Читаем След в след полностью

Долгое время я думал, что после лета пятьдесят шестого года их отношения уже никогда не были близкими. Возвращение Федора Николаевича в Москву в шестьдесят четвертом году было продиктовано не столько привязанностью к Марине, сколько вполне естественным в данной ситуации чувством долга. Изъятые им из жизни восемнадцать лет были как раз теми годами, которые он прожил с Мариной и Николаем, и от этих же восемнадцати лет он ушел к тому единственному году, когда в его жизни не было ни Марины, ни Николая и он жил со своими настоящими родителями — Федором и Натой Крейцвальдами. Исправить и переступить через все это было невозможно, и я не сомневался, что вряд ли здесь что-нибудь могло быть иначе. Однако года через три после смерти Федора Николаевича я вдруг понял, что он не только во всем оправдал Марину и Николая, но сделал это еще тогда, когда жил в Воронеже, задолго до возвращения в Москву. Больше того, мне стало ясно, что он сам, причем осознанно и добровольно, повторил путь Марины и Николая, воспроизведя почти буквально в своих отношениях со мной историю собственного усыновления. Сначала после смерти родителей помогая мне, потом усыновив меня, он делал то, что когда-то делали Марина и Николай, и, как они, увидев, что я жалею о том, что согласился на усыновление, он сразу же ушел в сторону и предоставил мне строить жизнь, как я хотел того и как мог.

Первые полтора года жизни Федора Николаевича в Воронеже были продолжением его бегства из Москвы, бегства от всего, что было с Москвой так или иначе связано. Пожалуй, его тогдашнее состояние было очень близко к болезни.

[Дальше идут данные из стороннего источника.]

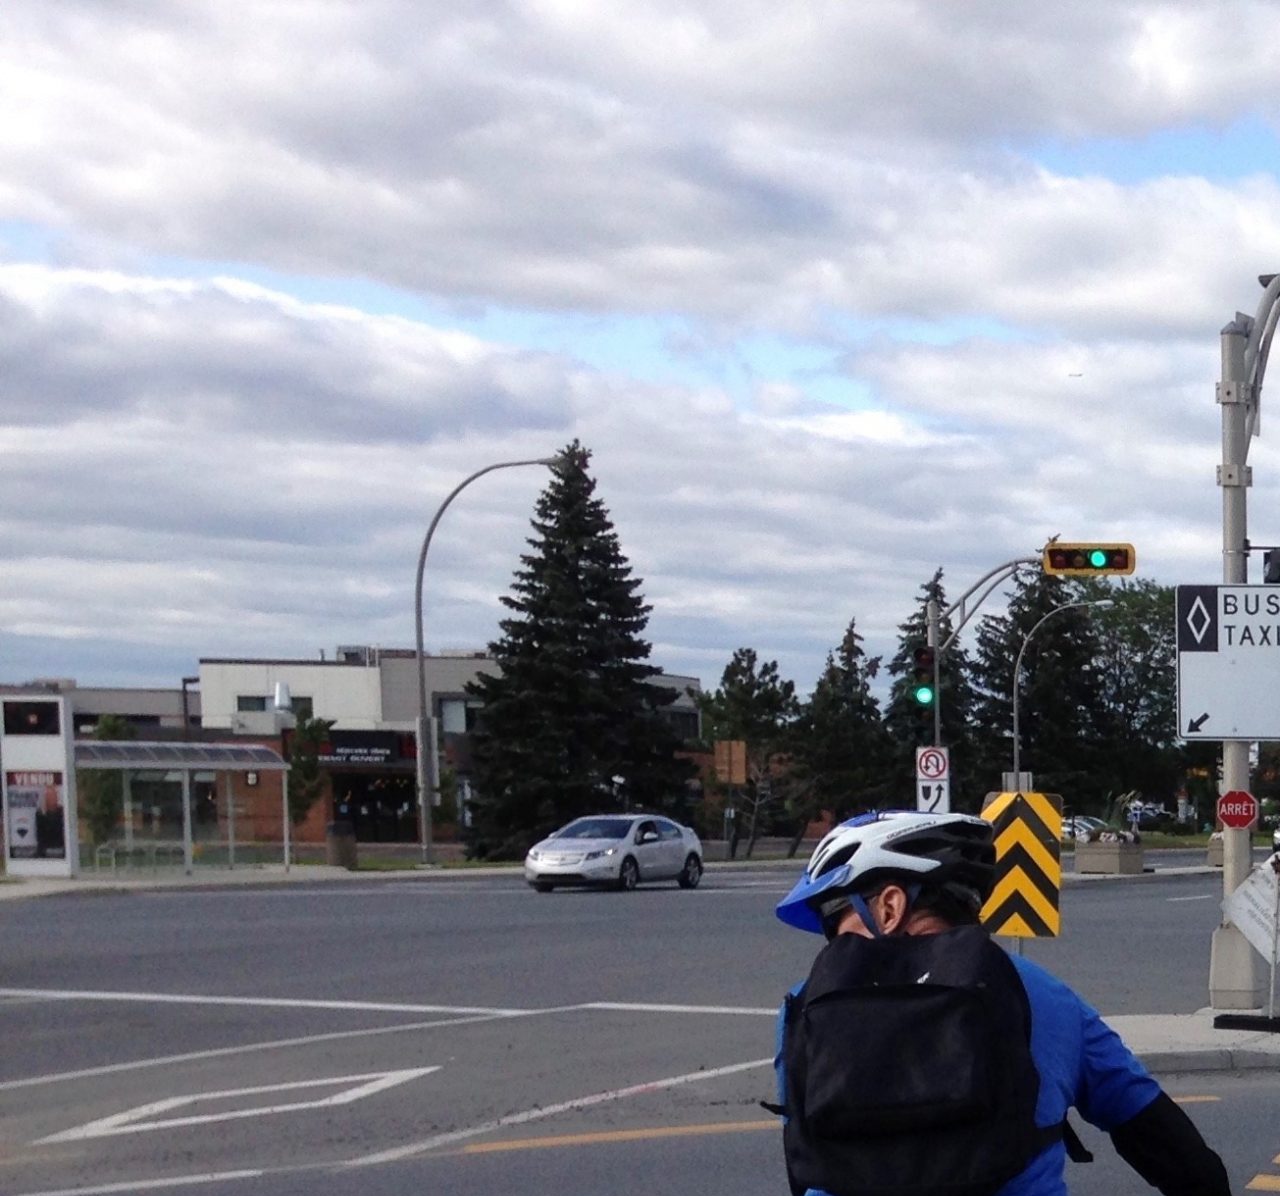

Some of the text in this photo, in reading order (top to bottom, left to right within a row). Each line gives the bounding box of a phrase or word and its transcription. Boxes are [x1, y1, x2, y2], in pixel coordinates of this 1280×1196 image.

[1223, 594, 1280, 616] BUS
[1223, 625, 1280, 646] TAXI
[1220, 801, 1254, 816] ARRÊT

В то время он не просто стремился выйти за пределы своего московского прошлого, а оставить между собой и прошлым мертвую зону, как бы «дикое поле» — в нем как раз оказывался Воронеж, так чтобы две части его жизни, старая и новая, нигде и ни в чем не пересекались и не соприкасались.

Это странное бегство породило на свет божий несколько десятков самолично созданных им народов, каждый из которых, защищенный и отделенный от других, жил на своем собственном острове, то есть всем этим народам Федор Николаевич дал то, что хотел и для себя. Острова эти были придуманы им с немалой изобретательностью и фантазией, иногда даже изощренностью, но в них никогда не было тепла, они были абстрактными и холодными. В сущности, это понятно: все живое, что было в его жизни, было им самим скомпрометировано и оставлено; пытаясь вернуться в свою истинную семью, разделить ее судьбу, он сделал все возможное, чтобы отказаться и уйти от тех воспоминаний, которые были связаны с Голосовыми. О Крейцвальдах же он знал так мало, о братьях — вообще одни имена, что все, чем ему удавалось связать их с собой, а себя с ними, было схемой, голым каркасом.

Острова и отразили, причем, как я понимаю, очень точно, этот период его жизни, были его моделью. У него ничего не было, никаких собственных воспоминаний, и, чтобы достроить свои отношения с родными, ему, конечно же, требовалась редкая изобретательность, и все равно, несмотря на многие находки, очеловечить, вдохнуть в них жизнь ему по-настоящему не удалось. Думаю, что он это сознавал и понимал, что вряд ли ему будет дано хоть кого- нибудь из родных вернуть, но все другие пути были им уже отрезаны, и он продолжал идти по этому. Что же до островов, то почему их истории были не только придуманы, но и записаны — мне сказать трудно; сомнительно, что они были для Федора Николаевича неким тренировочным полигоном, скорее, производным каких-то неиспользованных линий и связей его семьи. Назначение же их более понятно: на ранних стадиях работы он, без сомнения, пытался построить свой собственный мир, целый мир, заселенный созданными им народами, который должен был стать его убежищем, тем местом, куда он мог бы бежать, где он мог бы скрыться и спастись. Может быть, даже начать жизнь заново.

Главным действующим лицом этого этнографического сочинения был некий Крафт, наивный и глуповатый англичанин, купец и путешественник, живший в начале семнадцатого столетия, а повествование велось от лица переводчика и исследователя крафтовского манускрипта. Переводчик этот появлялся лишь во второй половине рукописи Федора Николаевича, но сразу же занимал место главного действующего лица, и это было вызвано не только перетеканием интереса автора от Крафта — путешественника и первооткрывателя всех островов к нему, но и тем, что теперь именно переводчик становится восприемником всего того, что автор хотел видеть в своем повествовании. Смена главного действующего лица отметила начало появления дистанции между Федором Николаевичем и созданным им миром, его отдаление, отделение, уход из него и возвращение к реальной жизни, попытку понимания и осмысления реального прошлого. Это оказало влияние даже на Крафта, скитания которого, подчиненные раньше случайности и року, вдруг приобретают четкое направление и с каждым шагом приближают его к России.